A British study on car accident victims found that one-third of the victims that were involved in a non-fatal crash experienced posttraumatic stress disorder, depression, anxiety, and fears, up to one year after the accident. Some had recovered emotionally within three months, but others had persistent issues of phobias and anxiety even after the one-year anniversary of the accident.

Financial problems after personal injury or disability caused by accidents will exacerbate this emotional distress. The CDC reports that 17.4 million Americans with disabilities have 4.6 times more emotional distress or mental distress than those without disabilities. If you have been injured or disabled after a car accident or workplace injury, and are suffering emotionally, you are not alone. There is a legal remedy for this, and that is claiming for emotional distress after a personal injury. The law recognizes this as something that you are entitled to.

What is Emotional Distress After Personal Injury?

Emotional distress after a personal injury is expected and includes every negative emotion that impacts your life negatively after an accident or injury. You might worry more, be afraid to drive now, lose concentration, or just cry more for no reason at all.

When emotional distress claims are brought to court, the court wants to hear how you have suffered emotionally from this trauma. This is along the lines of pain and suffering, but emotional distress can be a separate claim.

Don’t listen to anybody that tries to tell you that your emotional distress doesn’t matter. It matters. It impacts your sleep, which in itself could ruin your life. It impacts your ability to work, your ability to parent or be a spouse or partner, and it impacts the tiniest parts of daily living.

You didn’t ask for this to happen to you.

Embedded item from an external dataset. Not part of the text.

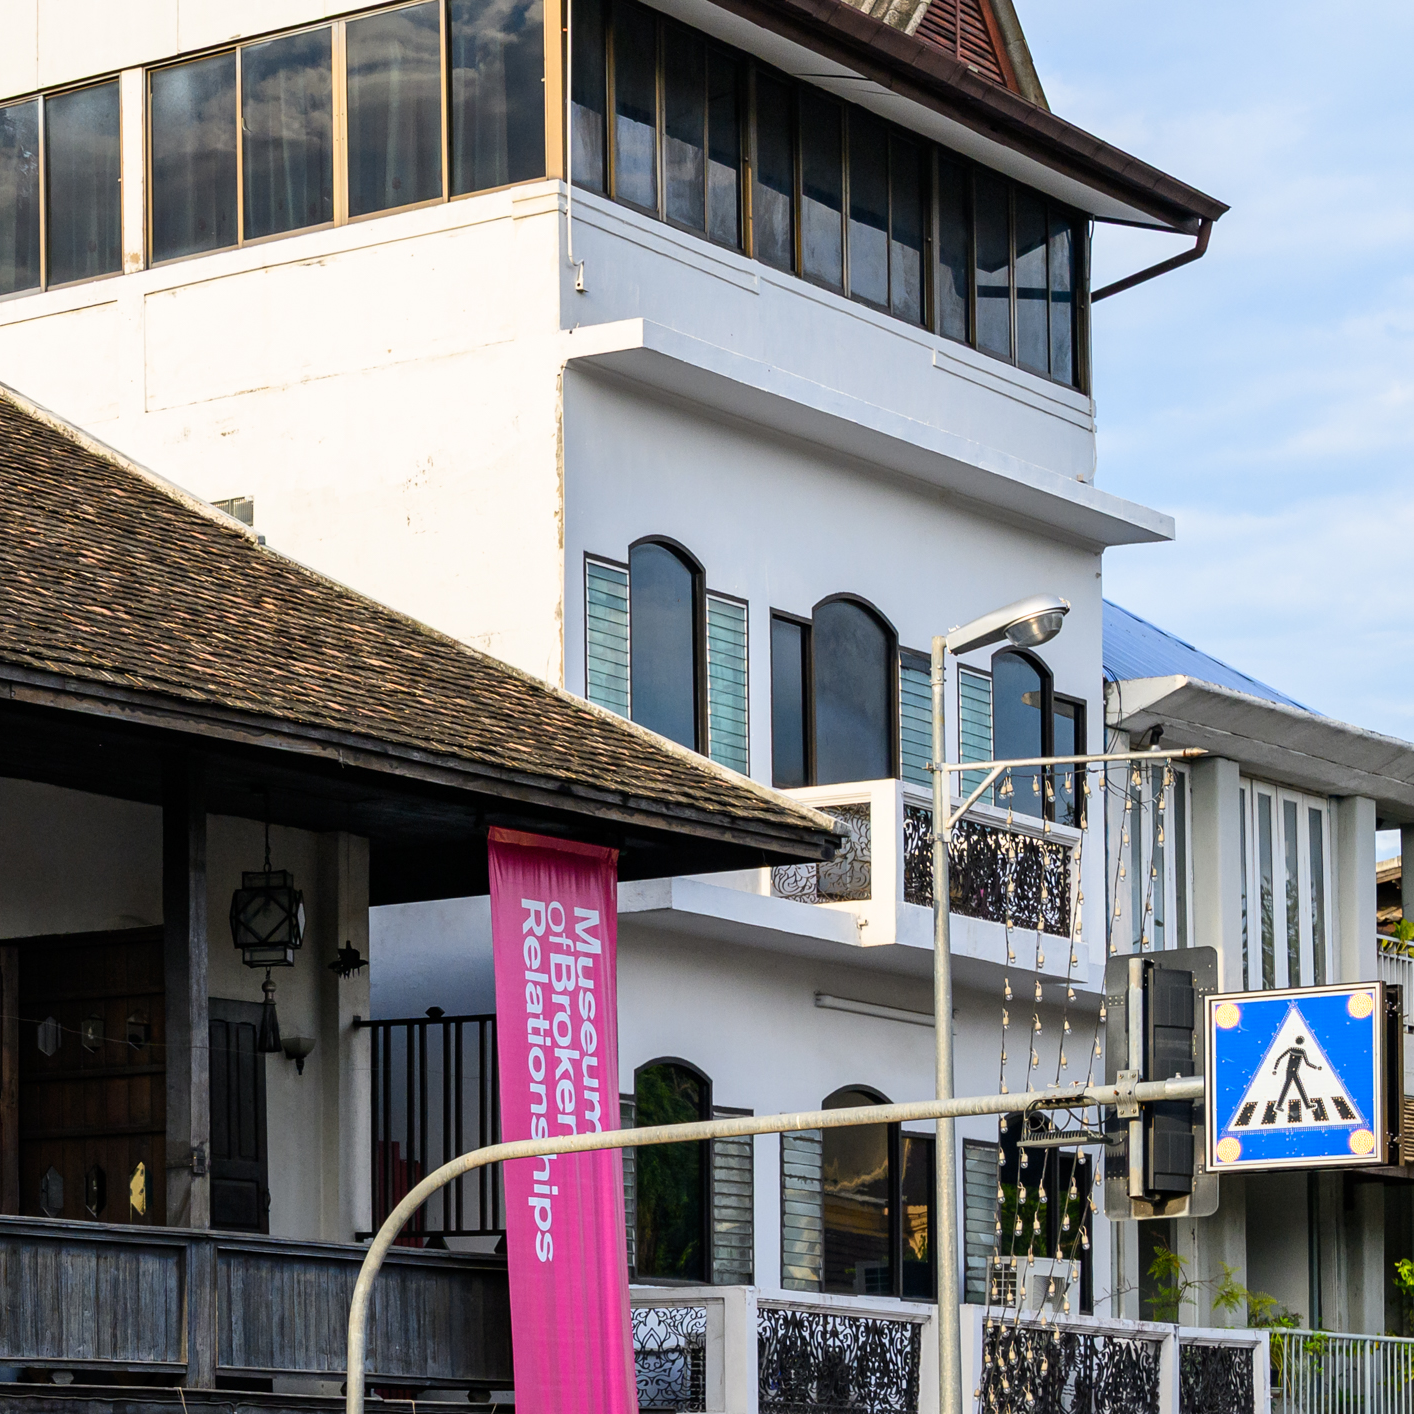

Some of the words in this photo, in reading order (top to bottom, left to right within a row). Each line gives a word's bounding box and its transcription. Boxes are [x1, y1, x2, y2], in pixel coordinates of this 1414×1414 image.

[547, 900, 575, 952] of
[573, 906, 603, 1134] Museum
[520, 897, 559, 1263] Relationships

Proving You Suffer Emotional Distress

It is presumed by judges and insurance companies that you will suffer emotionally after a car accident or personal injury. It’s common sense. You don’t have to prove emotional distress as much as you think. It’s not in your head. You’re upset. You’re entitled to that.

That said, the more you can prove, the more compensation you may be able to claim. Here are some ways that you can document your emotions should you ever need to talk to a jury or judge about how trauma is impacting your life:

  • Journal. Write down every time that you are sad or experiencing fears and anxiety.
  • Sleeplessness can cause emotional distress. Document what you take to help you sleep, how many nights a week you can’t sleep, and what happens or goes through your mind when you are kept awake.
  • Get support from friends and family. They are watching you go through something. Ask them to provide statements about what you are going through. People that love you want you out of trauma. If statements to a jury will help alleviate your burden by providing financial assistance, they will do it.

Ask an Expert

You may not even be thinking about how all of these sleepless nights or car phobias are worth damages. A good lawyer will be though. Talk to them about everything you are going through now.

Ask your personal injury lawyer what kind of documentation they can use to help support your emotional distress claim.